Regular GetReligion readers are familiar with the concept of scare quotes.
For those new to the term, Dictionary.com defines scare quotes as “marks used around a term or phrase to indicate that the writer does not think it is being used appropriately or that the writer is using it in a specialized sense.”
A recent New York Times story on the controversy over the anti-abortion movie “Unplanned” doesn’t rely on scare quotes. But in quoting anti-abortion sources, the piece repeatedly employs what might be characterized as a similar tool.
I’m talking about the Times’ repeated use of qualifiers in the indirect quotations. I’ll elaborate on what I mean in a moment. But first, here’s the top of the story with a few crucial details:
CLIFTON, N.J. — It was a rare packed house for a weeknight in the suburbs, and when the movie was over, the sold-out crowd of about 100 last Wednesday spilled haltingly into the light.
A few — a gaggle of nuns in their habits, at least one collared priest — wore their dispositions on their sleeves. Others communicated in muted gestures, dabbed at tears, or lingered for long stretches in the popcorn-strewn vestibule at the AMC multiplex here, as if still processing the deliberately provocative movie they had just seen.
Since March 29, similar scenes have played out across the country as faith-based groups and many others have gathered en masse to see “Unplanned,” a new movie that paints a scathing portrait of abortion rights in general, and Planned Parenthood in particular.
A few paragraphs later comes the first instance of a qualifier:
“Unplanned” has banked on its ability to draw such motivated crowds, despite what the filmmakers — Christian anti-abortion advocates hoping to make a dent in Hollywood — described in interviews as a torrent of adversity.

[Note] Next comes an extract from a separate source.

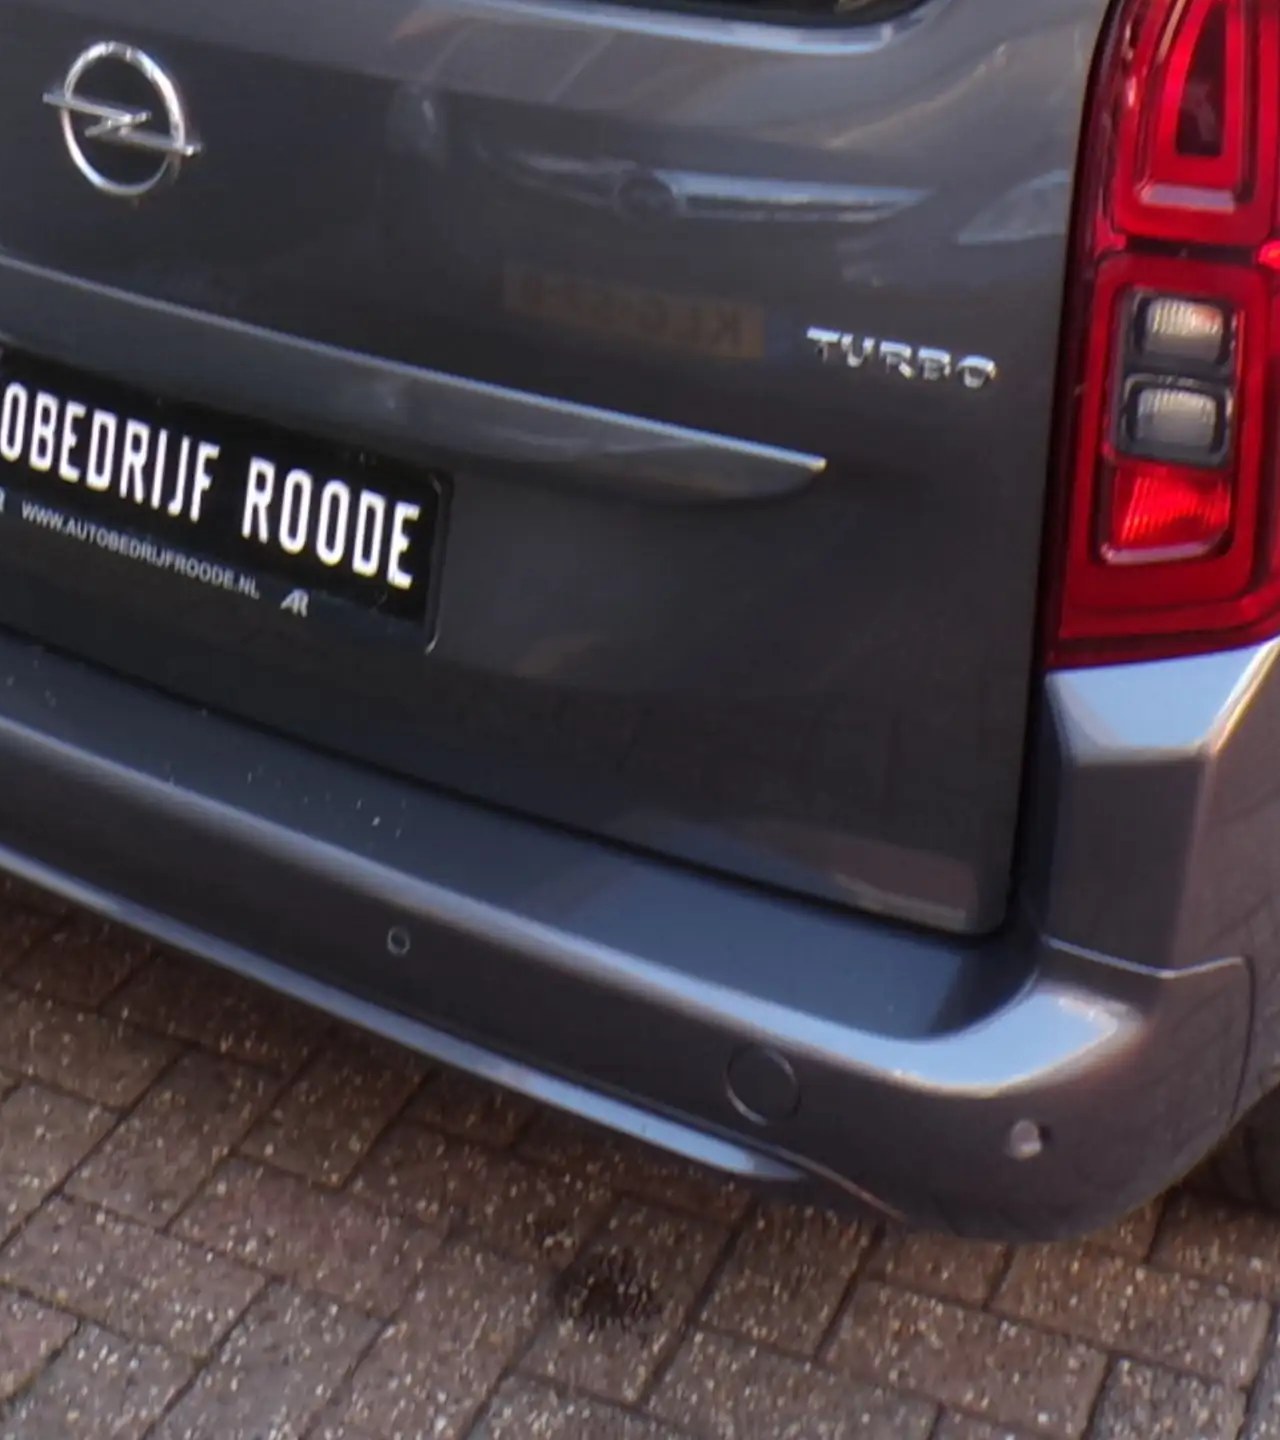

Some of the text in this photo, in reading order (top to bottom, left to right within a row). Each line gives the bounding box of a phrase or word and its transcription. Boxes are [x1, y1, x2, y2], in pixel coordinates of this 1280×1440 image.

[807, 326, 997, 388] TURBO
[21, 500, 260, 599] WWW.AUTOBEDRIJFROODE.NL
[241, 457, 420, 589] ROODE

Here’s my question: Is the “what the filmmakers … described” qualifier necessary? Or is it a fact that this anti-abortion film has experienced a torrent of adversity? Given similar facts, would the Times use the same style of attribution in a story about a pro-choice film?
In other words, is this just a careful approach to reporting the news by the Times? Or is this yet another example confirming the rampant news media bias against abortion opponents that the late media critic David Shaw exposed in his classic 1990 Los Angeles Times series?
Later in the story:
“Unplanned” is based on the memoir of the same name by Abby Johnson, a former director of a Planned Parenthood clinic in Bryan, Tex., who became a celebrity of the anti-abortion movement after what she said was a crisis of conscience.
Is the “what she said was” necessary? Or would that paragraph work without it?
Ultimately, “Unplanned” may not need scientific consensus to be effective with its most critical base of support. At the sold-out AMC theater in New Jersey, several attendees, who identified as being against abortion rights, said they were moved by a film that addressed what they said was the deeper truth of a subject few are willing to face head on.
Again, notice the extra attribution: “said they were moved by … what they said was.” Any chance that extra attribution is inserted as an editorial commentary?